So Laz, you have devices at the edge as well as the pop, and then the storage is backed by the cloud itself. Is that how I understand this?
Yes. And then one last key component of the architecture is backed by the cloud itself. Is that how I understand this? Yes.
And then one last key component of the architecture is the networking.
We build and run our own network. It's a private network with private connectivity down to, in the east, it's Ashburn, Virginia for Amazon East.
And then we're going to have a similar connection arrangement when we open our Las Vegas pop momentarily, I guess, with Amazon West.
And so in those cases, you basically can get to Amazon within a couple of milliseconds, 10 milliseconds in Boston.
And then from the pop to the edge, this is where the sub-two millisecond thing comes in.

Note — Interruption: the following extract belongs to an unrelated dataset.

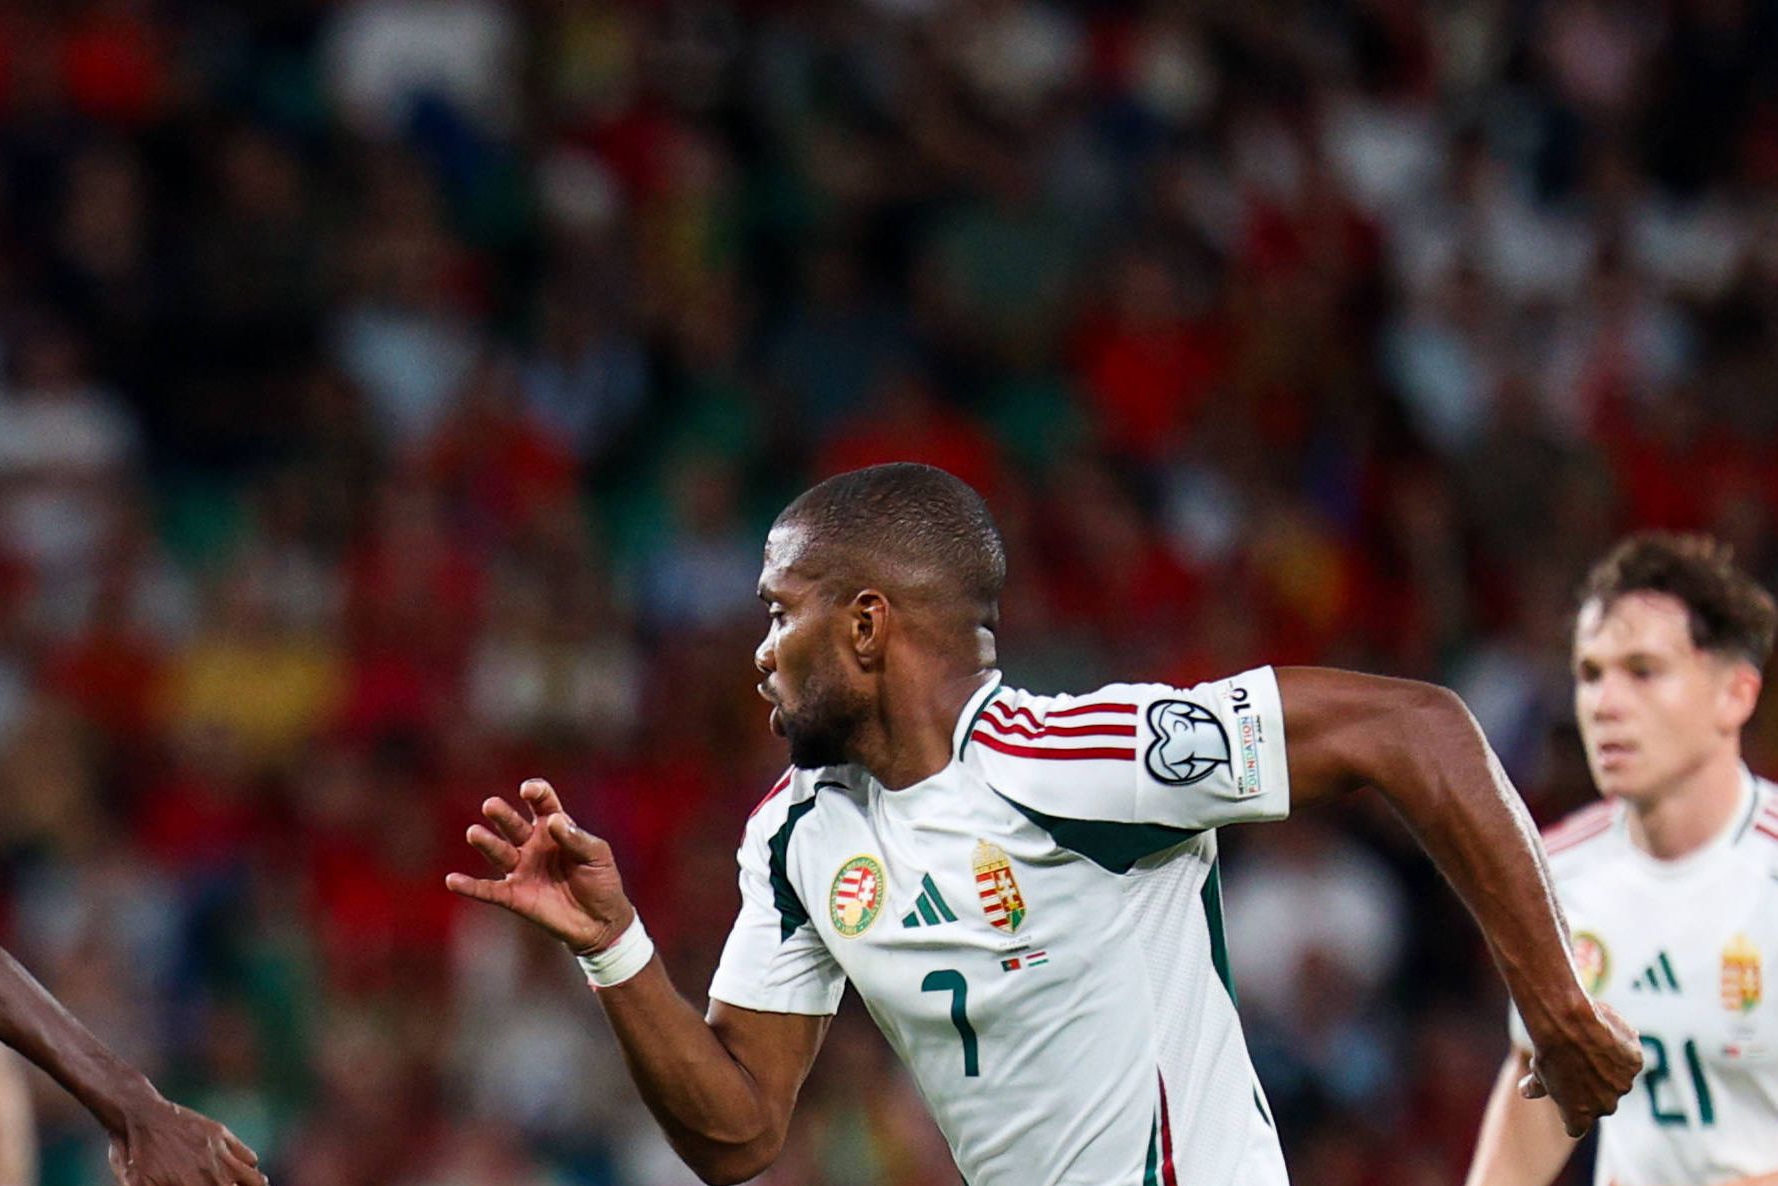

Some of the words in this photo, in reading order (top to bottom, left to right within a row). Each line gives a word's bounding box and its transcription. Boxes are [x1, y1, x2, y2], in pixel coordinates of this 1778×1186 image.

So because we're in metros, we can reach out and touch pretty much
any data center with a private line in Boston, Philadelphia. And we have certainly in Boston,
we're actually at sub millisecond latencies. And these are all private lines, metro Ethernet,
which is very abundant and surprisingly cheap. And it's all included in the service. So the
connectivity is something that we provide for the customers without them
really having to manage it. We provision it, we deal with it, we deal with the carriers,
we make sure that there's diversity, et cetera, et cetera. That's it. That's the architecture.
So how much cash is at the edge versus the pop? In historical days, there would be some sort of
a percentage that would be cash versus backend storage. Do you have that sort of a percentage that would be cash versus back-end storage. Do you have that sort of relationship or ratio in your system?
Yeah, we do, actually.
So we have these rules of thumb, but they're going to evolve over time
as we learn more and more about how data behaves over extended periods.
So we've been in beta for a while.
We sized everything according to these guidelines.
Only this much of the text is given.